Example 1 Polyester film with a thickness of 80 pLm - vinyl chloride -
The solid content of the mixed solution of vinyl acetate copolymer and acrylic resin is 1g/rr? Then, an acrylic melamine-based ultraviolet curable resin was applied to a thickness of 20 pLm using a roll coater, and the uneven shape of the hologram was preformed on this surface to form a hologram master plate. The curable resin was polymerized and cured by irradiating it with ultraviolet rays while it was in close contact, and the uneven shape of the hologram was transferred. Next, aluminum was deposited on the entire surface to a thickness of 400 angstroms using a vacuum deposition method, and then a solution of vinyl chloride-vinyl acetate copolymer was applied to the surface at a solid content of 1.5 g/d. An adhesive layer was formed thereon to obtain a hologram transfer sheet used in the present invention.
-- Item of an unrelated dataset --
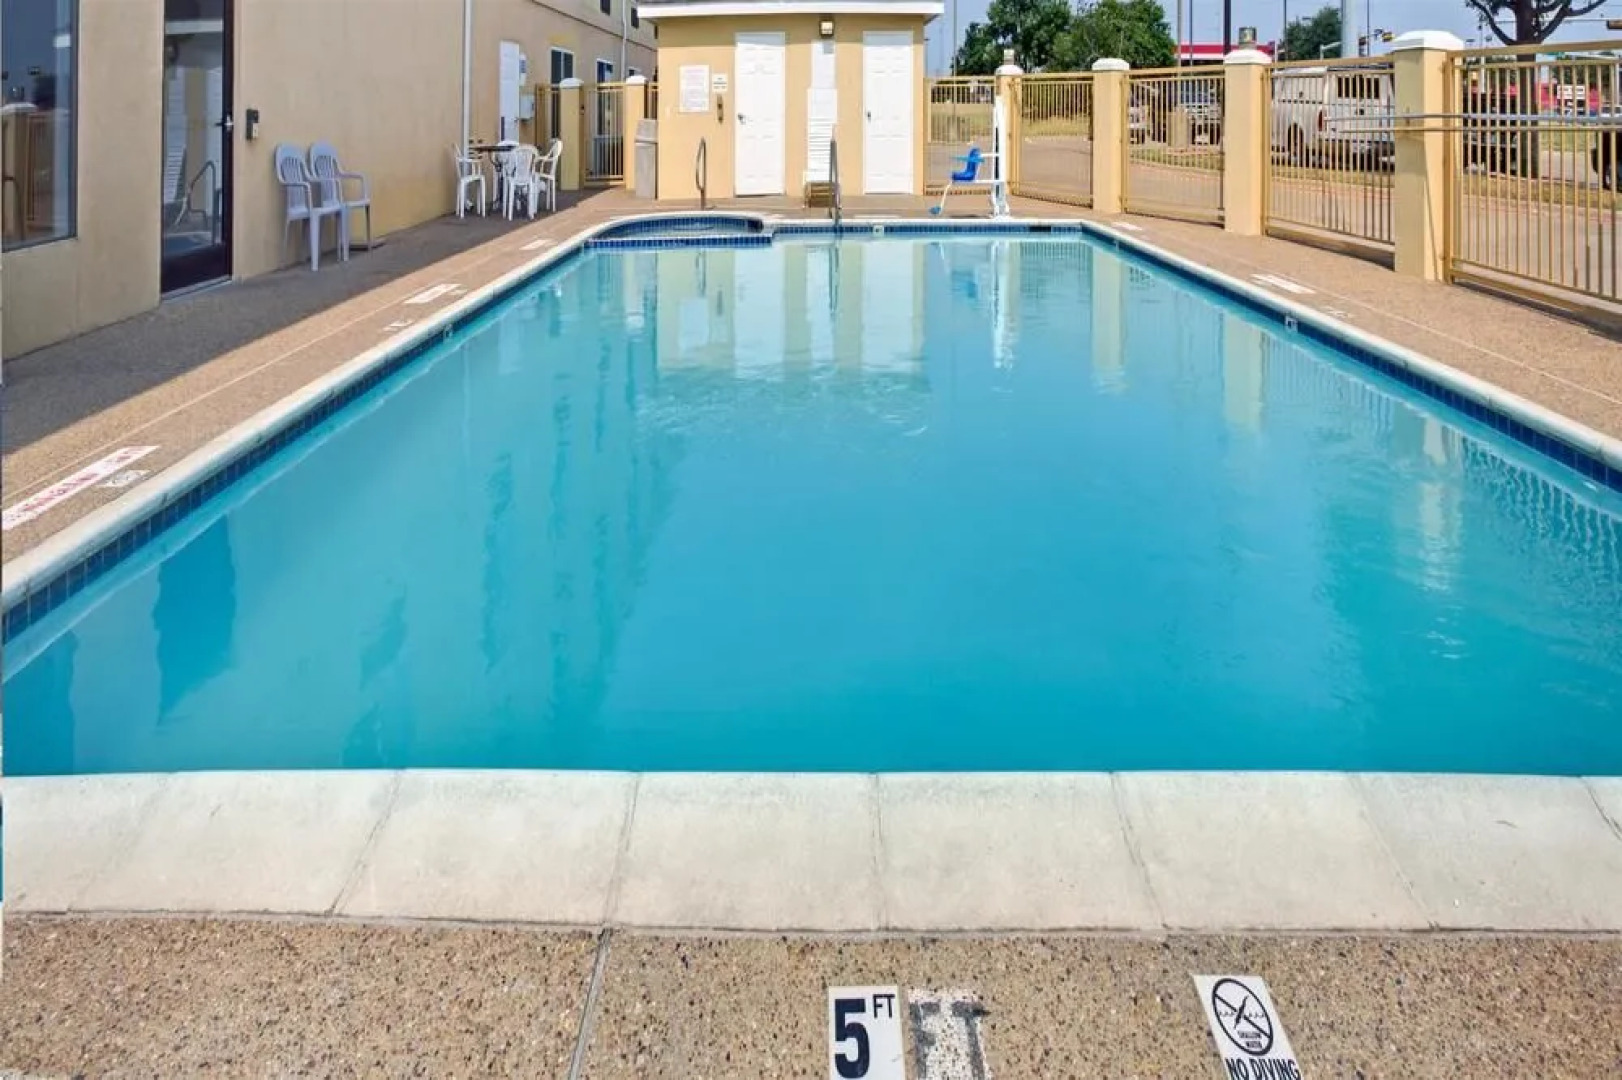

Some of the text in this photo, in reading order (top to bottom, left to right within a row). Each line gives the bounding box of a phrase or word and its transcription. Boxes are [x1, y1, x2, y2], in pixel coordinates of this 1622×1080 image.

[835, 993, 896, 1079] 5 FT
[1225, 1058, 1302, 1080] NO DIVING
Next, this transfer sheet was temporarily fixed to a 2 mm thick glass plate with the adhesive layer exposed outside. Use this glass plate and another glass plate as formwork materials, and place a thickness of 5 mm between the glass plates with the transfer sheet on the inside.
I! A gasket made of vinyl chloride resin (I11) was sandwiched and fixed to form a formwork.

Next, a colored methyl methacrylate polymeric resin liquid with a viscosity of 100 to 200 cps was injected into this mold, and the mold was sealed.
The polymerizable resin liquid was polymerized and hardened by immersing it in a hot bath at 130°C for 1 hour, and then sufficiently polymerized and hardened in a curing oven at 130°C for 30 minutes.

After cooling, the mold was opened, the solidified acrylic resin plate was taken out, and the polyester film attached to its surface was peeled off to obtain a hologram decorative resin molded product according to the present invention. The surface of this resin molded product had excellent three-dimensional visibility due to the hologram.

Furthermore, in the above method, if the hologram transfer sheet is firmly adhered to the glass plate with an adhesive, the polyester film of the transfer sheet can be peeled off from the molded product at the same time when the mold is opened.

[Brief explanation of drawings]

FIGS. 1 to 3 are diagrams schematically showing the Seikan 1!11 method, and FIG. 4 is a diagram schematically showing a cross section of an example of a hologram transfer sheet used in the present invention. 1, 1′; Formwork material 2; Hologram transfer sheet 3: Formwork 4; Polymerizable resin liquid 5; Hologram image 6; Molded product 7; Release sheet 8; Release layer 9; Uneven shape 10; Synthetic resin layer 11; Reflective metal layer 12; adhesive layer Fig. 1 Fig. 3 Fig. 2 Fig. 4

Claims (4)

[Claims] (1) In a method for manufacturing a resin molded article by injecting a polymerizable resin liquid into a mold and polymerizing and curing the polymerizable resin liquid, a hologram transfer sheet is attached to at least a part of the inner surface of the mold, A method for producing a hologram decorative resin molded article, which comprises polymerizing and curing a polymerizable resin liquid and transferring a hologram image to the resin molded article. (2) Claim No. 1, wherein the uneven shape of the hologram image is formed of an ultraviolet or electron beam curable resin.
The manufacturing method described in section. (3) The manufacturing method according to claim (1), wherein the polymerizable resin liquid is an acrylic polymerizable resin liquid. (4) The manufacturing method according to claim (1), wherein the adhesive layer of the hologram transfer sheet is made of an acrylic resin.